By 2028, AI regulatory violations will result in a 30% increase in legal disputes for tech companies, according to a Gartner survey.
Conducted among 360 IT leaders involved in the rollout of generative AI (GenAI) tools, the survey found that over 70% indicated regulatory compliance is among the top three challenges for their organisation’s widespread GenAI productivity assistants deployment.
Only 23% of respondents were very confident in their organisation’s ability to manage security and governance components when rolling out GenAI tools in enterprise applications.
“Global AI regulations vary widely, reflecting each country’s assessment of its appropriate alignment of AI leadership, innovation and agility with risk mitigation priorities,” said Lydia Clougherty Jones, senior director analyst at Gartner.

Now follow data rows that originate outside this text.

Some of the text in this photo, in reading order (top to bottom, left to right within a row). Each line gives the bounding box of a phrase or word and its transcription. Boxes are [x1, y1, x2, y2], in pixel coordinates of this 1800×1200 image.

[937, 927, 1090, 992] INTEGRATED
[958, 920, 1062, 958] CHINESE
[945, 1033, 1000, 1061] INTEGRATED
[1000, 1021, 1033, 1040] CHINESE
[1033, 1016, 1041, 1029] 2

“This leads to inconsistent and often incoherent compliance obligations, complicating alignment of AI investment with demonstrable and repeatable enterprise value and possibly opening enterprises up to other liabilities.”

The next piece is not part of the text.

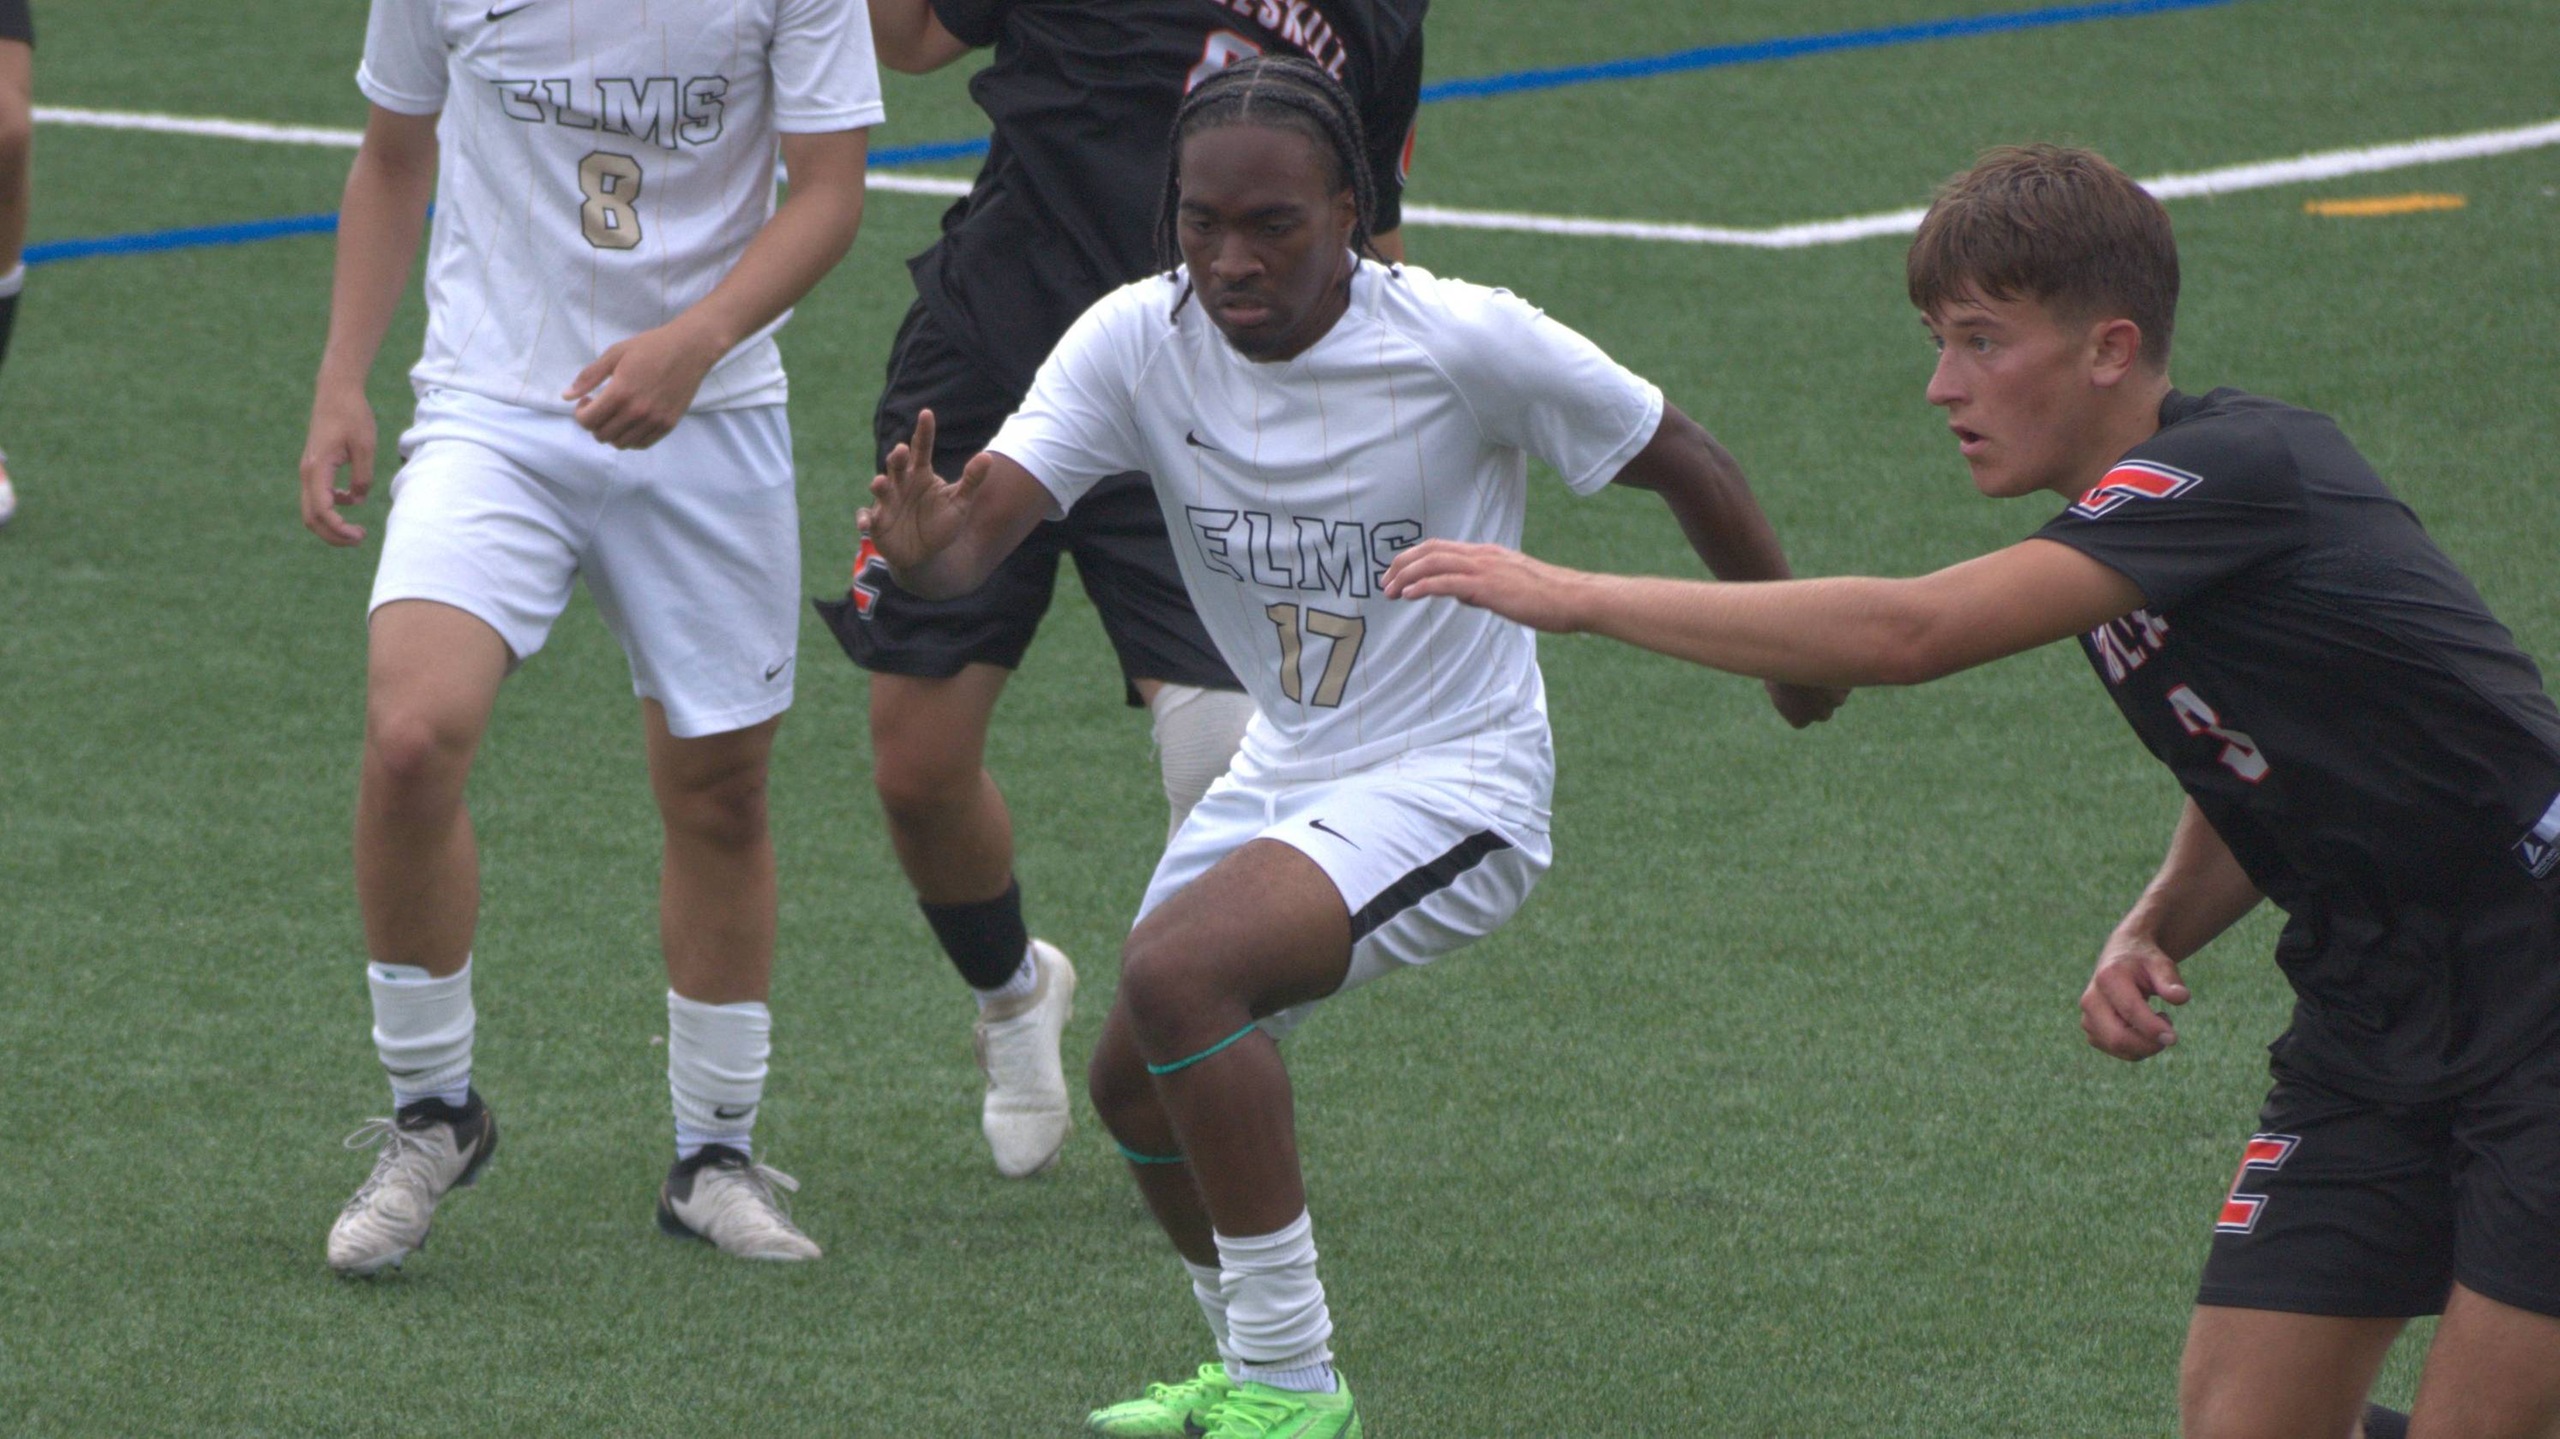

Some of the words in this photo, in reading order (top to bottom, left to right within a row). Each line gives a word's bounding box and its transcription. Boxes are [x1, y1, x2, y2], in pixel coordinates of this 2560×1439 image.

At the same time the impact from the geopolitical climate is steadily growing, but the ability to respond lags behind.
In the same survey, 57% of non-US IT leaders indicated that the geopolitical climate at least moderately impacted GenAI strategy and deployment, with 19% of respondents reporting it has a significant impact.

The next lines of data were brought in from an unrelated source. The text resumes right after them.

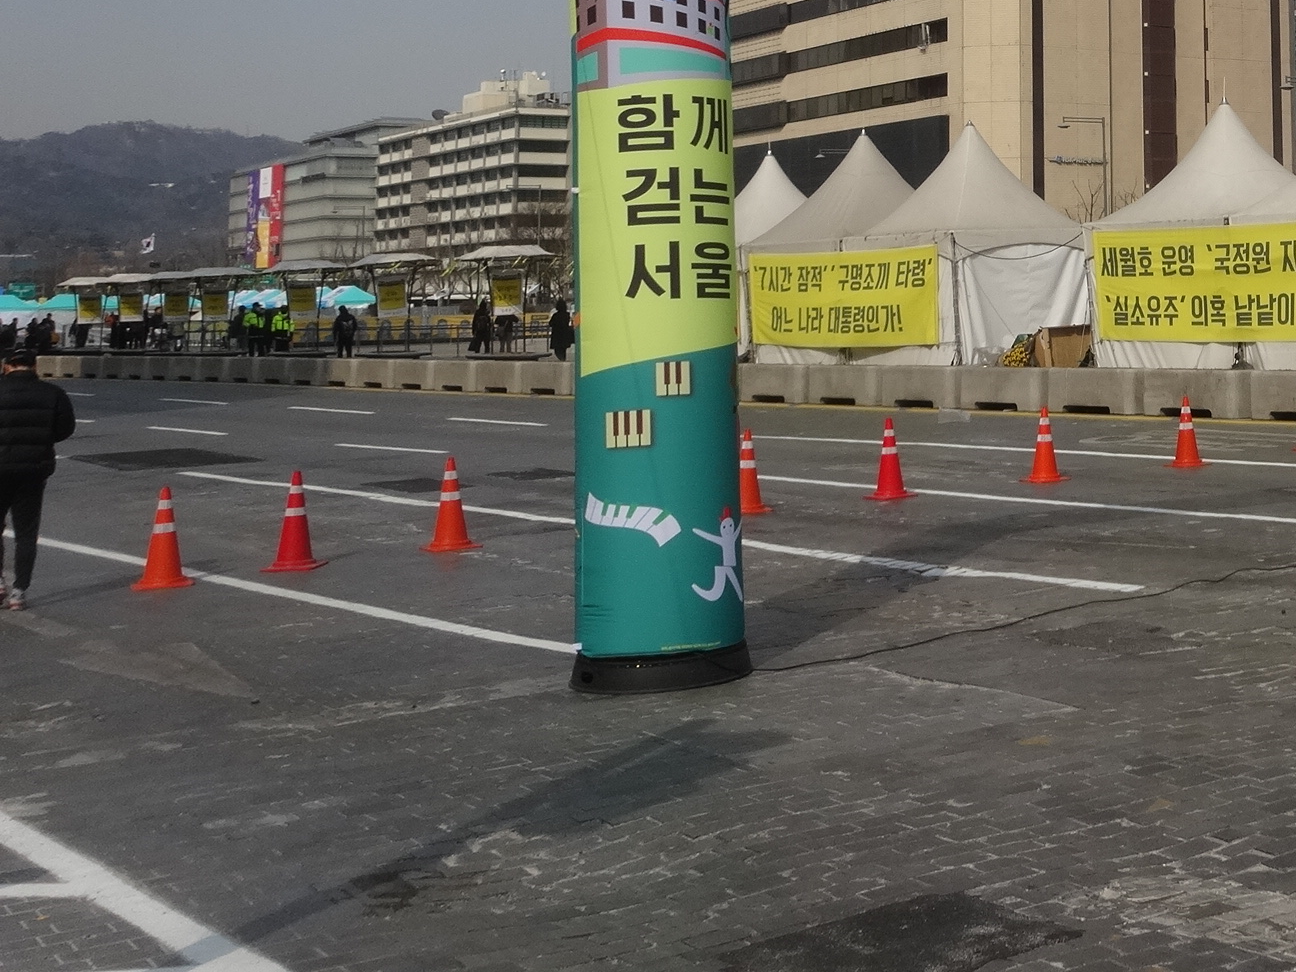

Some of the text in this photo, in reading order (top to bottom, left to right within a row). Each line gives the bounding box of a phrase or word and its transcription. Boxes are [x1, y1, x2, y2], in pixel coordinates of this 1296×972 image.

[617, 93, 729, 155] 함께
[621, 166, 730, 226] 걷는
[625, 240, 732, 300] 서울
[1101, 245, 1154, 278] 세월호
[1160, 244, 1195, 277] 운영
[771, 304, 904, 334] 어느 나라 대통령인가!
[1191, 294, 1226, 327] 의혹
[1233, 292, 1295, 327] 낱낱이

Yet, nearly 60% of those respondents reported that they were unable or unwilling to adopt non-US GenAI tool alternatives.
In a recent webinar poll organised by Gartner, 40% of the 489 respondents indicated that their organisation’s sentiment to AI sovereignty is “positive” (hope and opportunity), and 36% indicated their organisation’s sentiment was “neutral” (“wait and see” approach).
In the same poll, 66% of the respondents indicated they were proactive and/or engaged in response to sovereign AI strategy, and 52% indicated that their organisation was making strategic or operating model changes as a direct result of sovereign AI.
IT leaders were urged to strengthen the moderation of outputs by training models to engineer self-correction, create rigorous use-case review procedures that evaluate risks, and use control testing around AI-generated speech.
Gartner also urged the leaders to increase model testing/sandboxing by building a cross-disciplinary fusion team of decision engineers, data scientists, and legal counsel to design pre-testing protocols and test and validate the model output against unwanted conversational output.